Great as the contributions outlined so far may have been, they were dwarfed by his record on the sports field and as a Housemaster.
Himself a hugely accomplished rugby player and cricketer, Keith enjoyed a ten year spell as master in charge of rugby and, in particular, as coach to the 1st XV. He brought to it not only an impressive array of technical knowledge and a sharp competitive edge, but also an understanding that sport – and team sport in particular – had something to offer to all pupils, irrespective of their expertise or physicality. He was as keen to encourage the very modest performer as he was the naturally gifted and this was crucial in nursing generations of players through what could be, at times, a very tough initiation to inter-school sport.
Keith’s contribution as a Housemaster was remarkable for both its duration and its diversity. In 1981 he stepped up to succeed David Lyall as Housemaster of Eaglesfield, a post he held for thirteen years. In this he was helped enormously by Yvonne and by his own instincts as a family man. The Junior boys found in him a firm but fair and straightforward presence, a man keen to fight their corner when necessary and tolerant of most of their more curious ways.
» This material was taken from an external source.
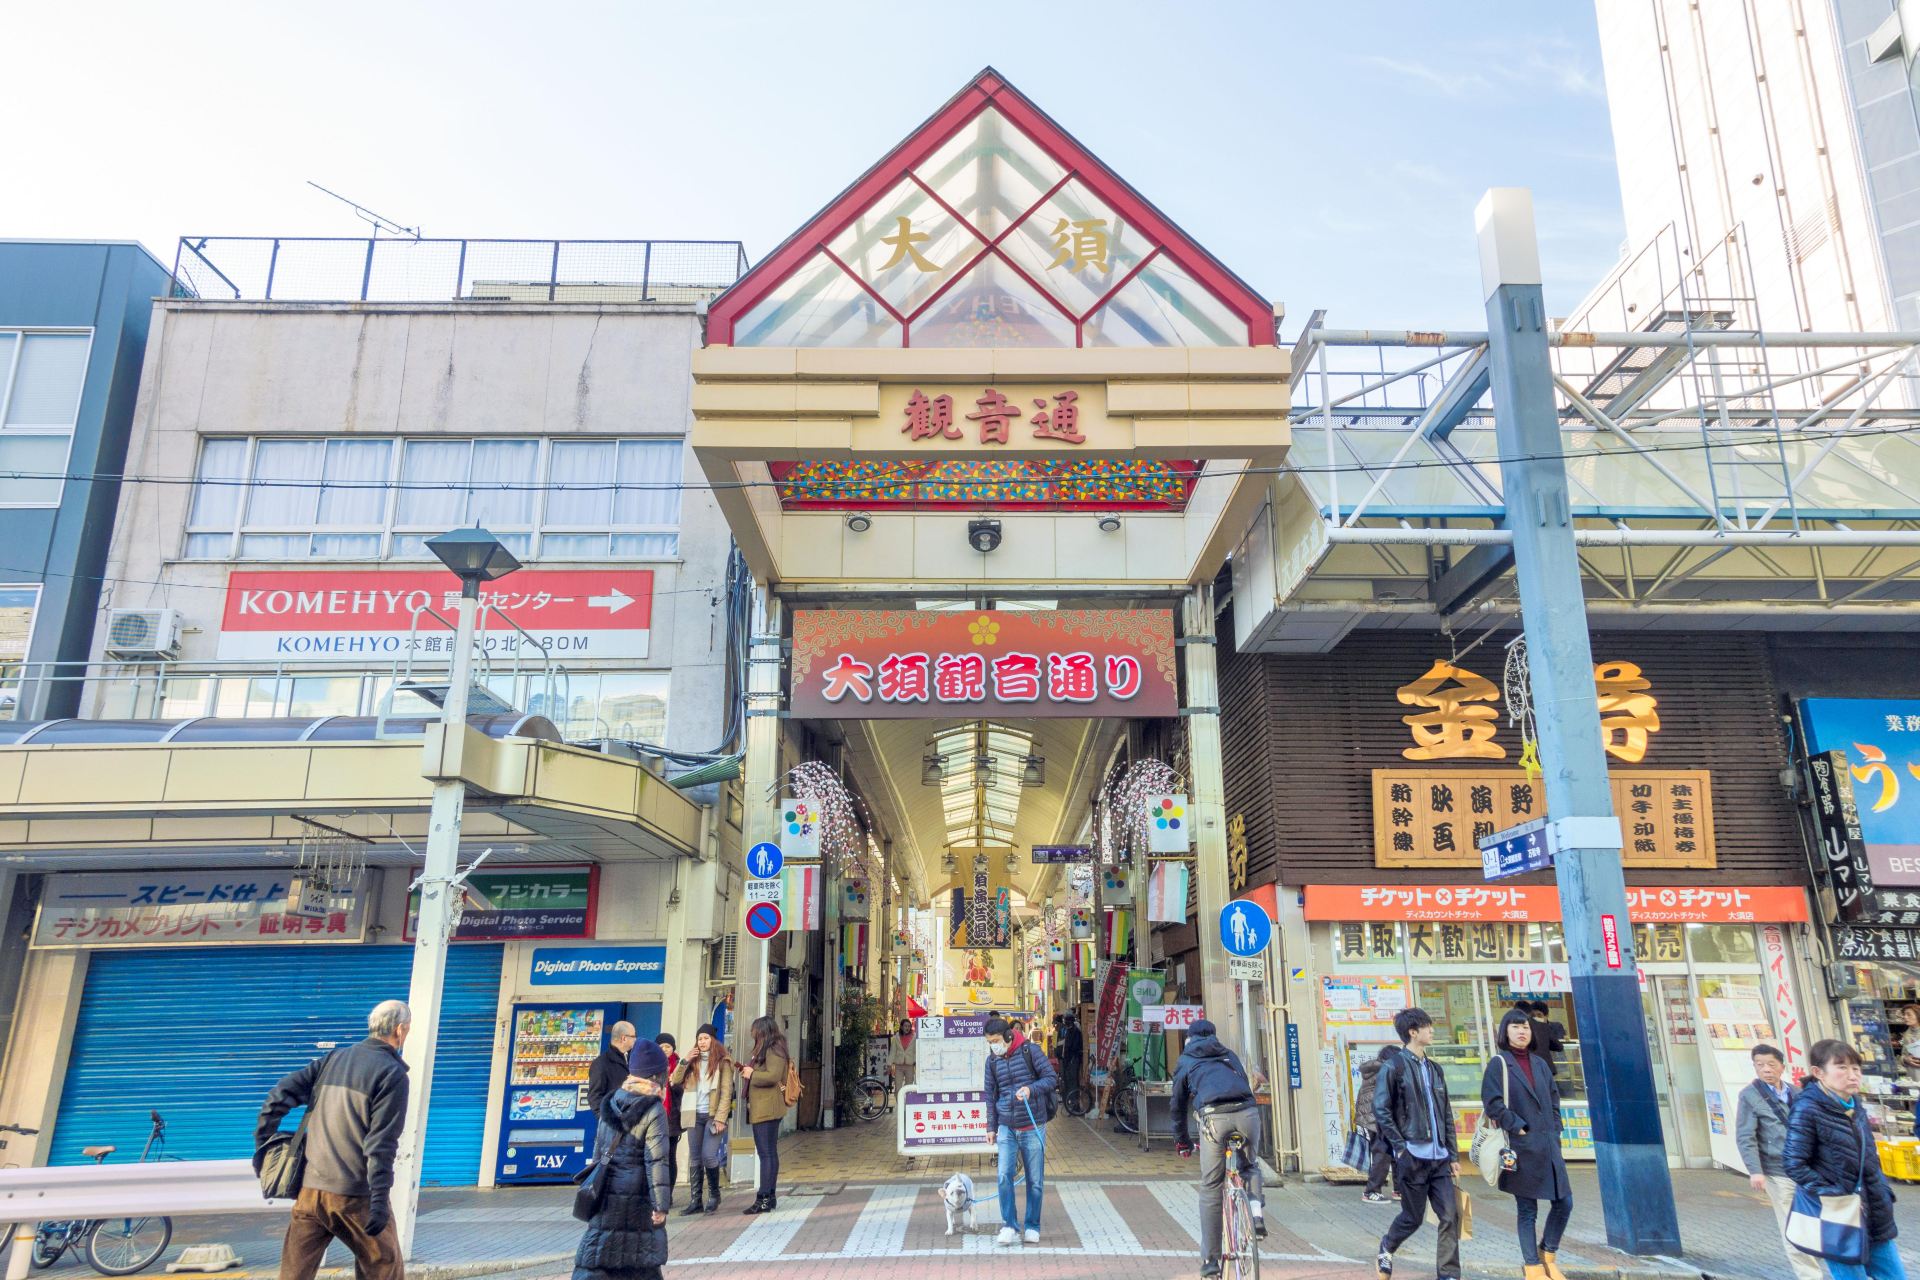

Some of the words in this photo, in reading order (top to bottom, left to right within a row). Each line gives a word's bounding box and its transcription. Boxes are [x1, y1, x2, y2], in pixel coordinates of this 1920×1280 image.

Most men or women would have felt that thirteen years was enough of such committing and demanding work, but, when re-organisation brought about the closure of Eaglesfield, Keith and Yvonne moved to Lonsdale to take on responsibility for Senior Girls. The contrast in approach and skills required would have proved too much for most, but Keith and Yvonne adapted with determination and sensitivity, establishing a regime in which the girls flourished while being regularly challenged to develop all aspects of their very diverse personalities to the full.
Those, then, were the bare facts of Keith’s career as teacher, sports coach, CCF officer and Housemaster. What of the man himself? In all his roles, Keith brought to bear the same mix of strong personal qualities – he was sympathetic, but expected of himself and others a high degree of self-reliance and initiative. He was competitive, a characteristic that came out on the games field as a determination to win and elsewhere as encouragement to leave no talent undeveloped.
As a colleague he was courteous, honest, supportive, good-humoured and highly sociable. He was hugely loyal to his friends, the pupils and the school, generous with his time, his help and his hospitality. Time spent in his company, whether at home, in the bar of the Queen’s, around a barbeque, away with sports teams or on CCF camps was always enjoyable and often spawned anecdotes which have no doubt grown in the telling over the years. The abiding impression was always of his deep-seated and civilised humanity.
His retirement saw him busy in and around Lindale, where his interests included Kendal Rugby Club, golf, governorship of the modern incarnation of his old school, and, of course, his growing family. Sharing fun with his grandchildren clearly came very naturally to him and it is tragic that illness should have taken him from them and from all the family when he still had so much to offer.”